◆ **Records for processing**:

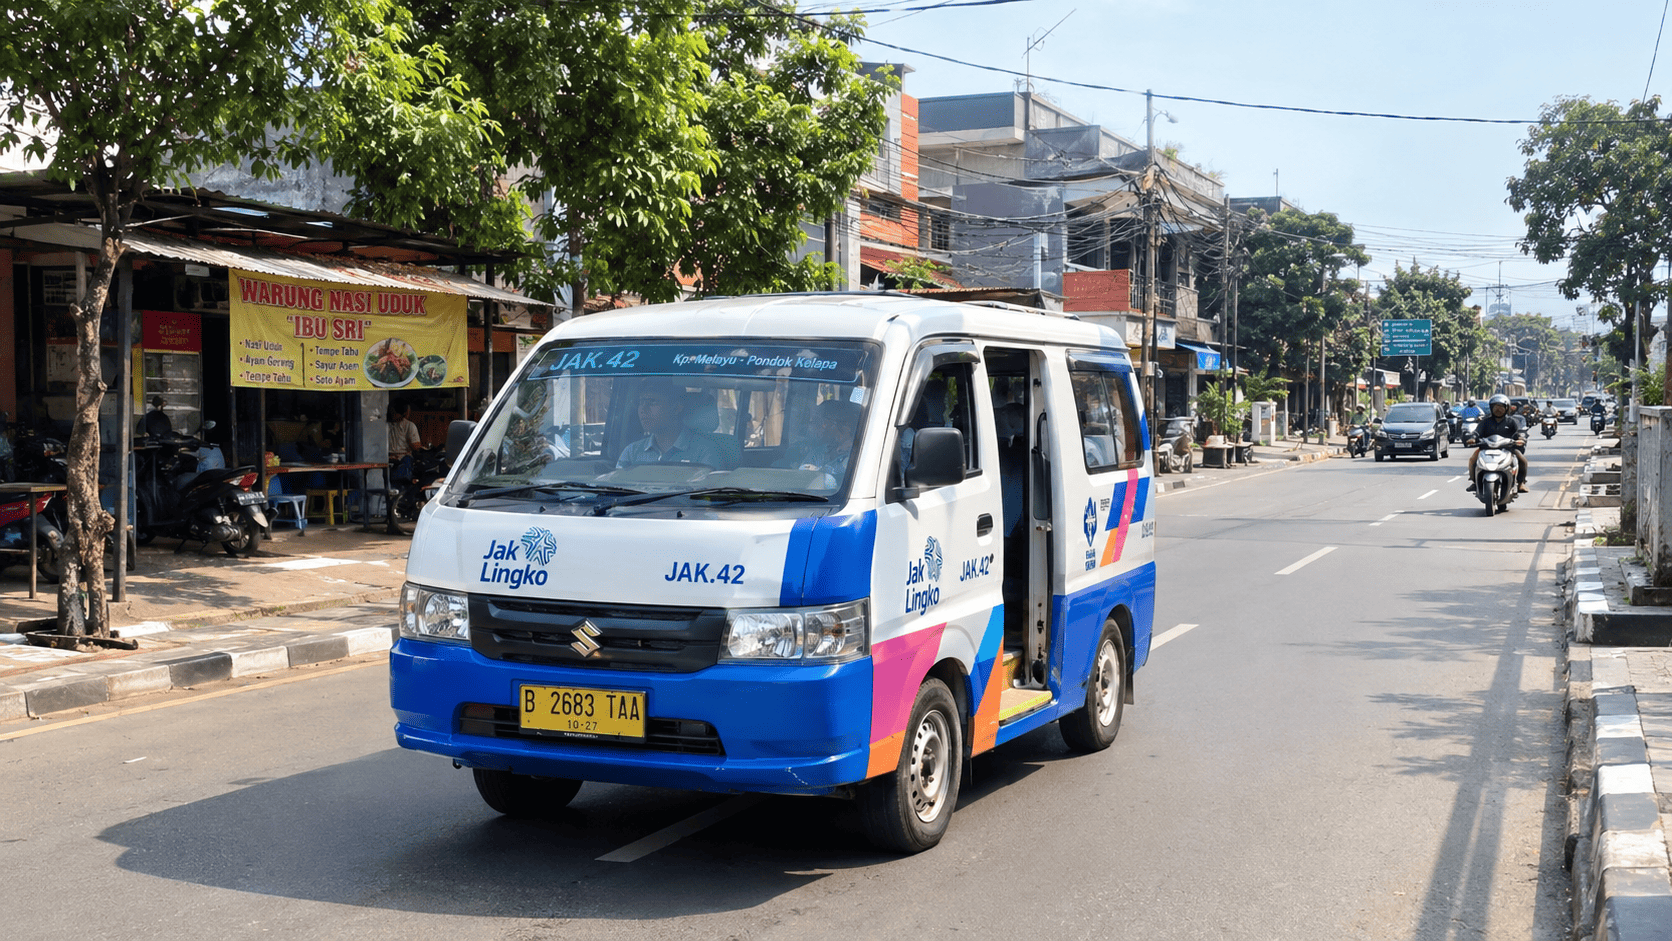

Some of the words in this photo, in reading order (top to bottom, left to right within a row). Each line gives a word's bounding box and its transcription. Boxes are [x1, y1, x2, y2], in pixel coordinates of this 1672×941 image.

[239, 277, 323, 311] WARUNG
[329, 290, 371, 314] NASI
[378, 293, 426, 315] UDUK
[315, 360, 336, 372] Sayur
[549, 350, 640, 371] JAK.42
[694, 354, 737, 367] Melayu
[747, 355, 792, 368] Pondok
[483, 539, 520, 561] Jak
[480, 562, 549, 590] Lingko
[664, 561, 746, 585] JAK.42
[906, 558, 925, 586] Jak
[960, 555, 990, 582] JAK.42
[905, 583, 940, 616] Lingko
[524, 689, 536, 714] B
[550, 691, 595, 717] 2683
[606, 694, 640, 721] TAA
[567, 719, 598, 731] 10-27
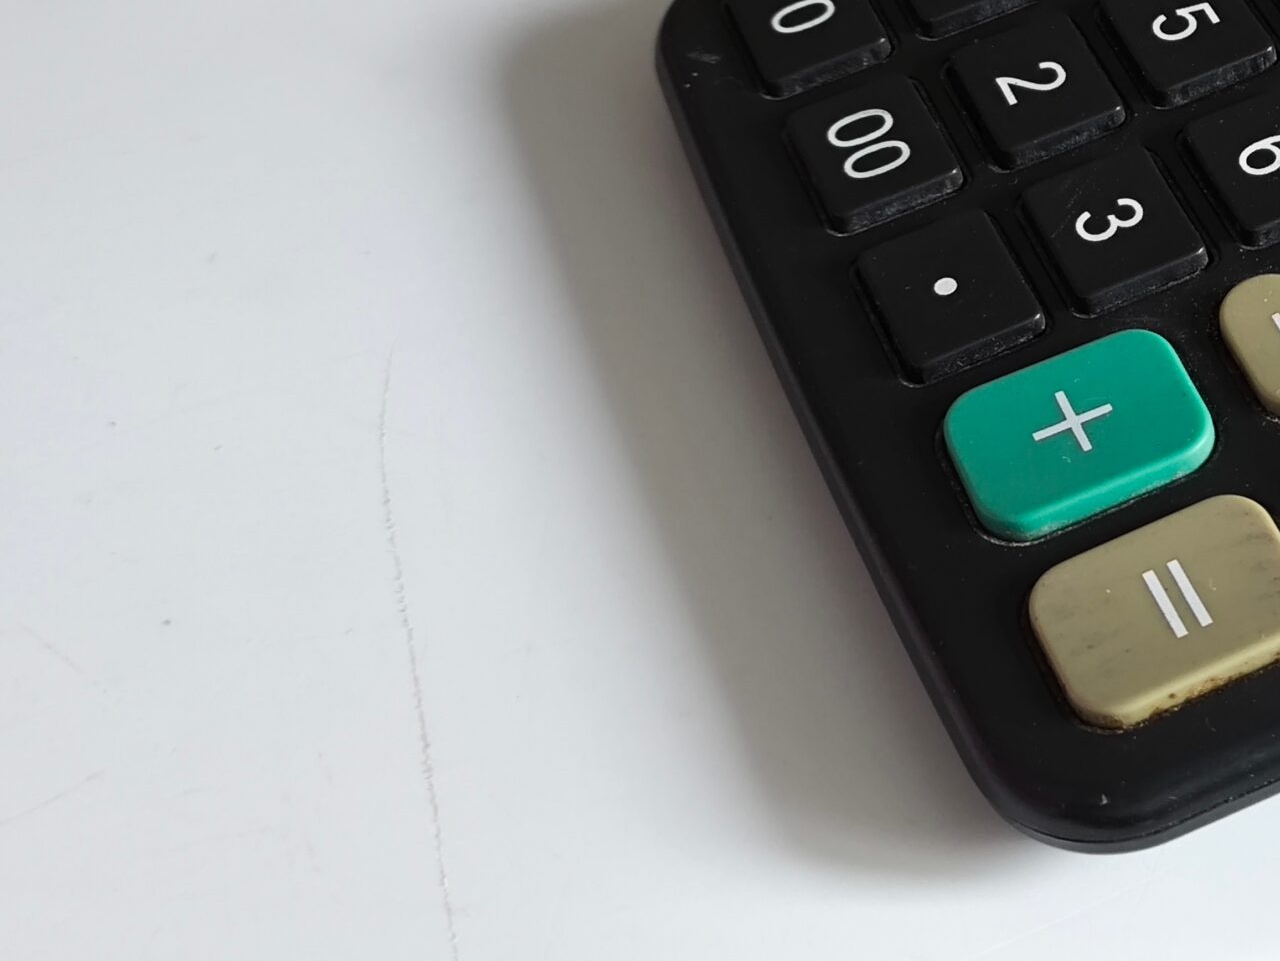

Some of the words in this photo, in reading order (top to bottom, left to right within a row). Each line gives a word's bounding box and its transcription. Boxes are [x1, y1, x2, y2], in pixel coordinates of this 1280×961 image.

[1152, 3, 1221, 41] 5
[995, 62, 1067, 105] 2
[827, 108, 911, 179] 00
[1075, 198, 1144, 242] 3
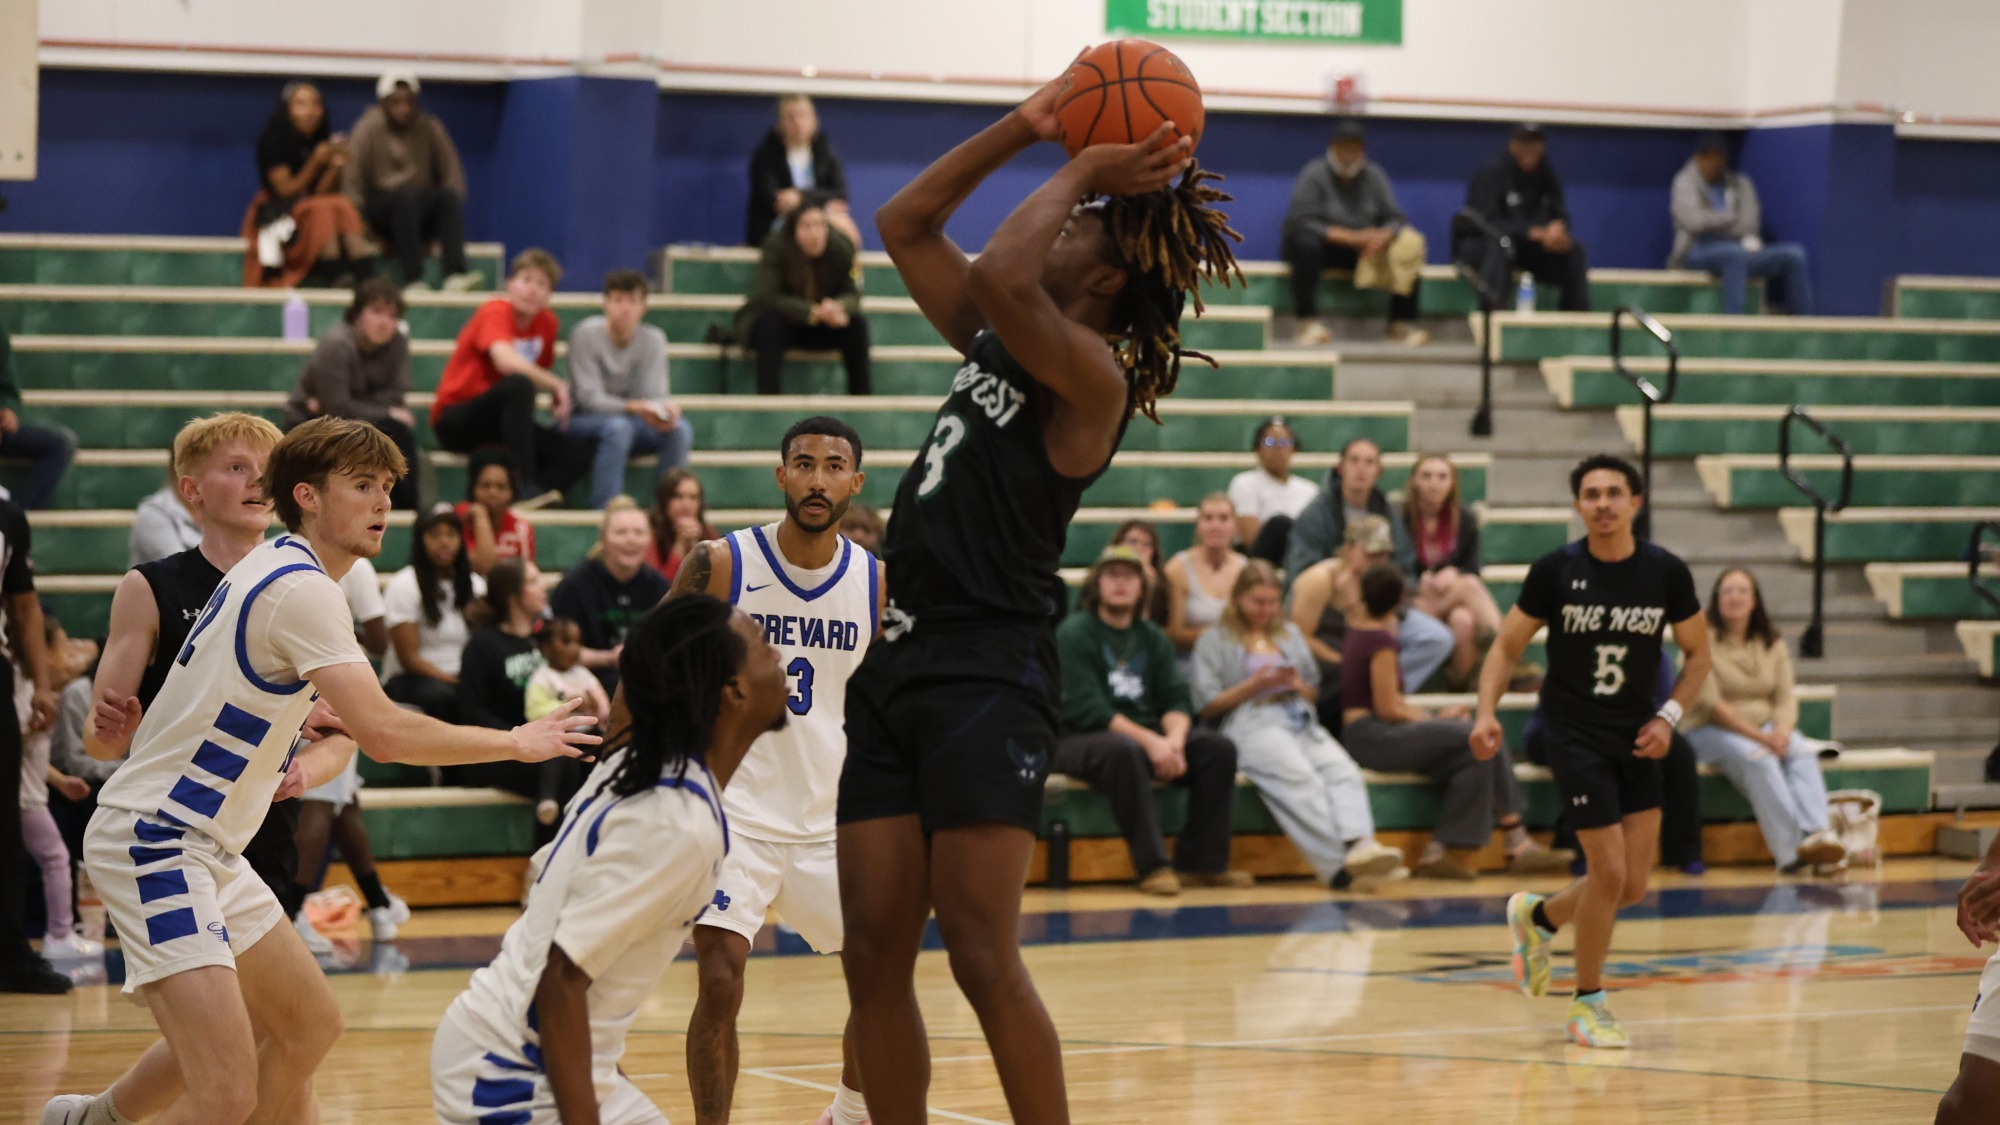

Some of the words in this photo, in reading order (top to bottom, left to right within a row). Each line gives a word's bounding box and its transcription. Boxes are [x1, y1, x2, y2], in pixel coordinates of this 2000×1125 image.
--
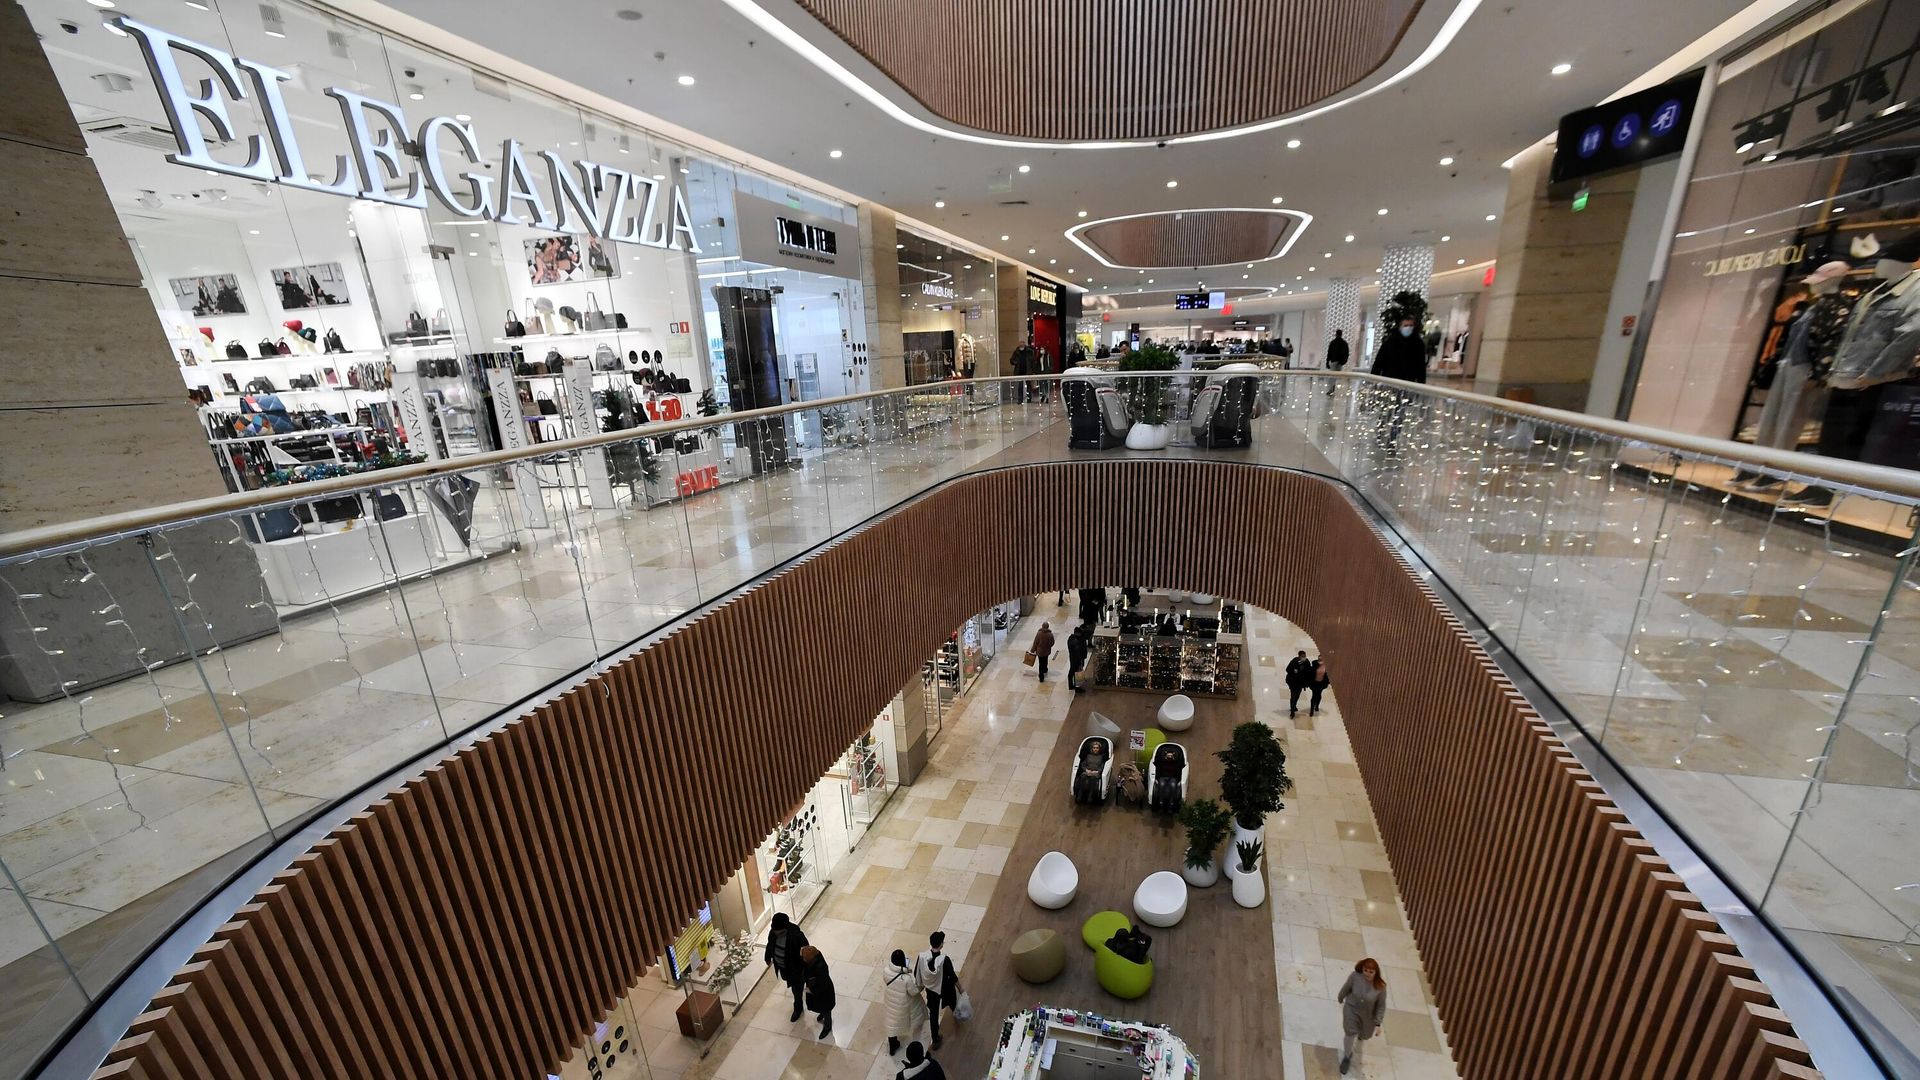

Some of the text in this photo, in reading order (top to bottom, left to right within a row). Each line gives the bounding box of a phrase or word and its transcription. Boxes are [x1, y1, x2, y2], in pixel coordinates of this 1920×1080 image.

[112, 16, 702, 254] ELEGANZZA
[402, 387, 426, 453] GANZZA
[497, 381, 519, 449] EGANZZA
...
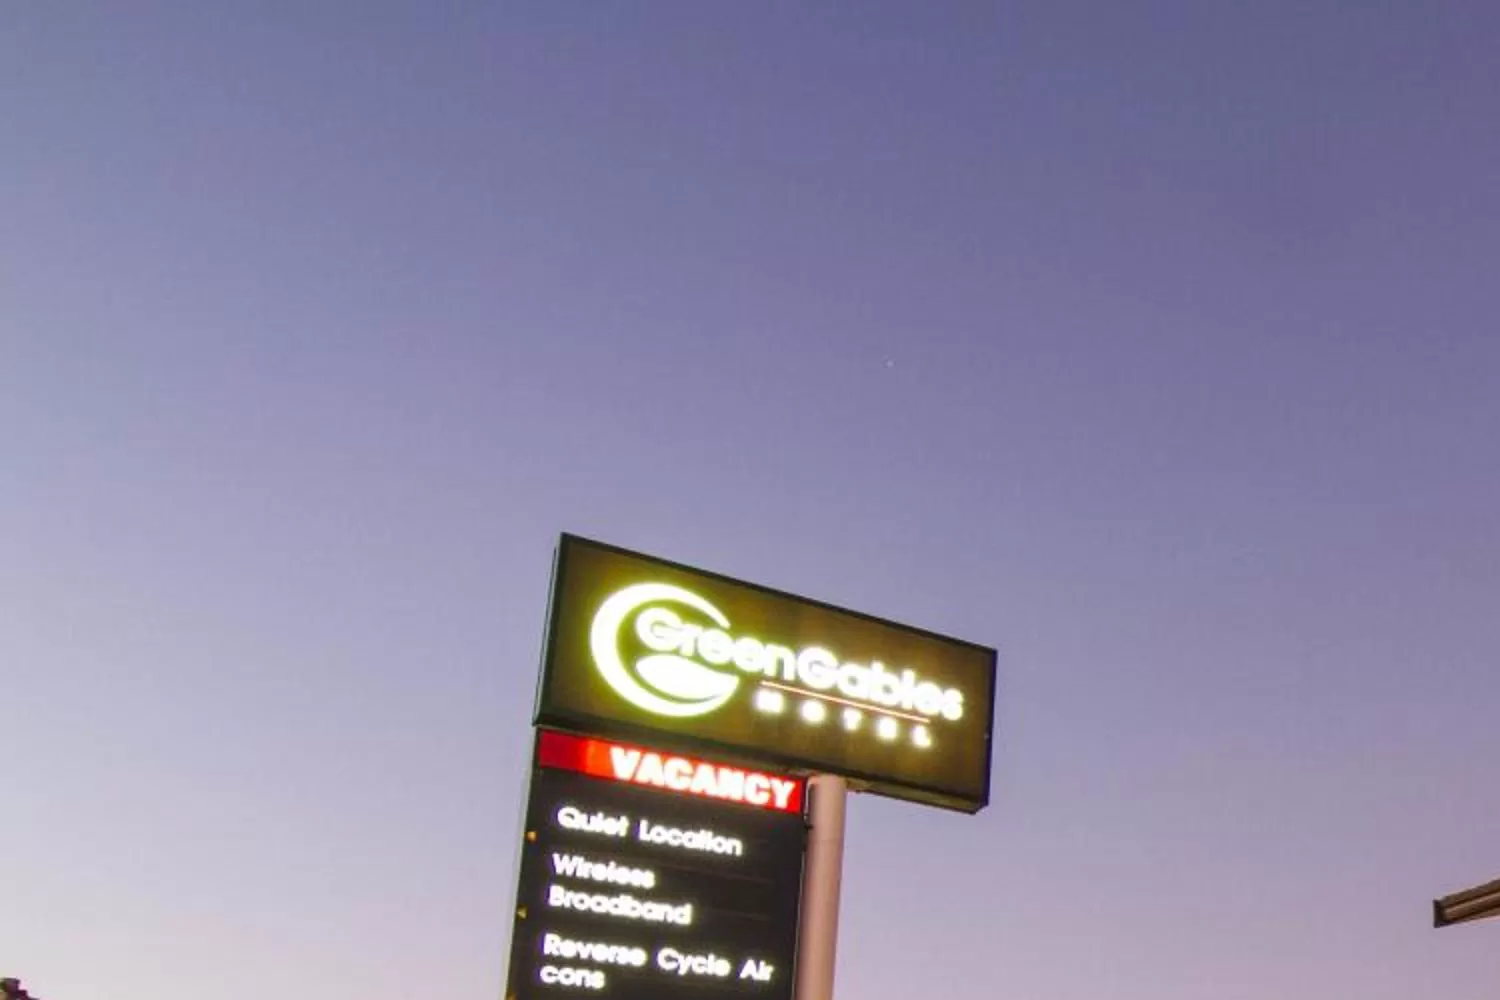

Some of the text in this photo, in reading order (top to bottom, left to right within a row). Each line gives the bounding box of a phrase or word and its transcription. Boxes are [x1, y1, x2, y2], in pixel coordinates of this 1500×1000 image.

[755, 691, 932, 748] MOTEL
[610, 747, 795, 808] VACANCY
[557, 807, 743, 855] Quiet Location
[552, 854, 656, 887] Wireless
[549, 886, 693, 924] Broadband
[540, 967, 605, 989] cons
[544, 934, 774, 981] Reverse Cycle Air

◆ **The task**: From the listing above, restate verbatim the lines running from the one with "this 1672×941 image." through the one with "this 2000×1125 image.", inclusive, but not the pictures.

◆ **Answer box**:
Some of the words in this photo, in reading order (top to bottom, left to right within a row). Each line gives a word's bounding box and its transcription. Boxes are [x1, y1, x2, y2], in pixel coordinates of this 1672×941 image.

[239, 277, 323, 311] WARUNG
[329, 290, 371, 314] NASI
[378, 293, 426, 315] UDUK
[315, 360, 336, 372] Sayur
[549, 350, 640, 371] JAK.42
[694, 354, 737, 367] Melayu
[747, 355, 792, 368] Pondok
[483, 539, 520, 561] Jak
[480, 562, 549, 590] Lingko
[664, 561, 746, 585] JAK.42
[906, 558, 925, 586] Jak
[960, 555, 990, 582] JAK.42
[905, 583, 940, 616] Lingko
[524, 689, 536, 714] B
[550, 691, 595, 717] 2683
[606, 694, 640, 721] TAA
[567, 719, 598, 731] 10-27

Some of the words in this photo, in reading order (top to bottom, left to right within a row). Each line gives a word's bounding box and its transcription. Boxes are [x1, y1, x2, y2], in pixel coordinates of this 1280×961 image.

[1152, 3, 1221, 41] 5
[995, 62, 1067, 105] 2
[827, 108, 911, 179] 00
[1075, 198, 1144, 242] 3

Some of the words in this photo, in reading order (top to bottom, left to right within a row). Each line gives a word's bounding box and its transcription. Boxes are [x1, y1, x2, y2], in pixel coordinates of this 2000×1125 image.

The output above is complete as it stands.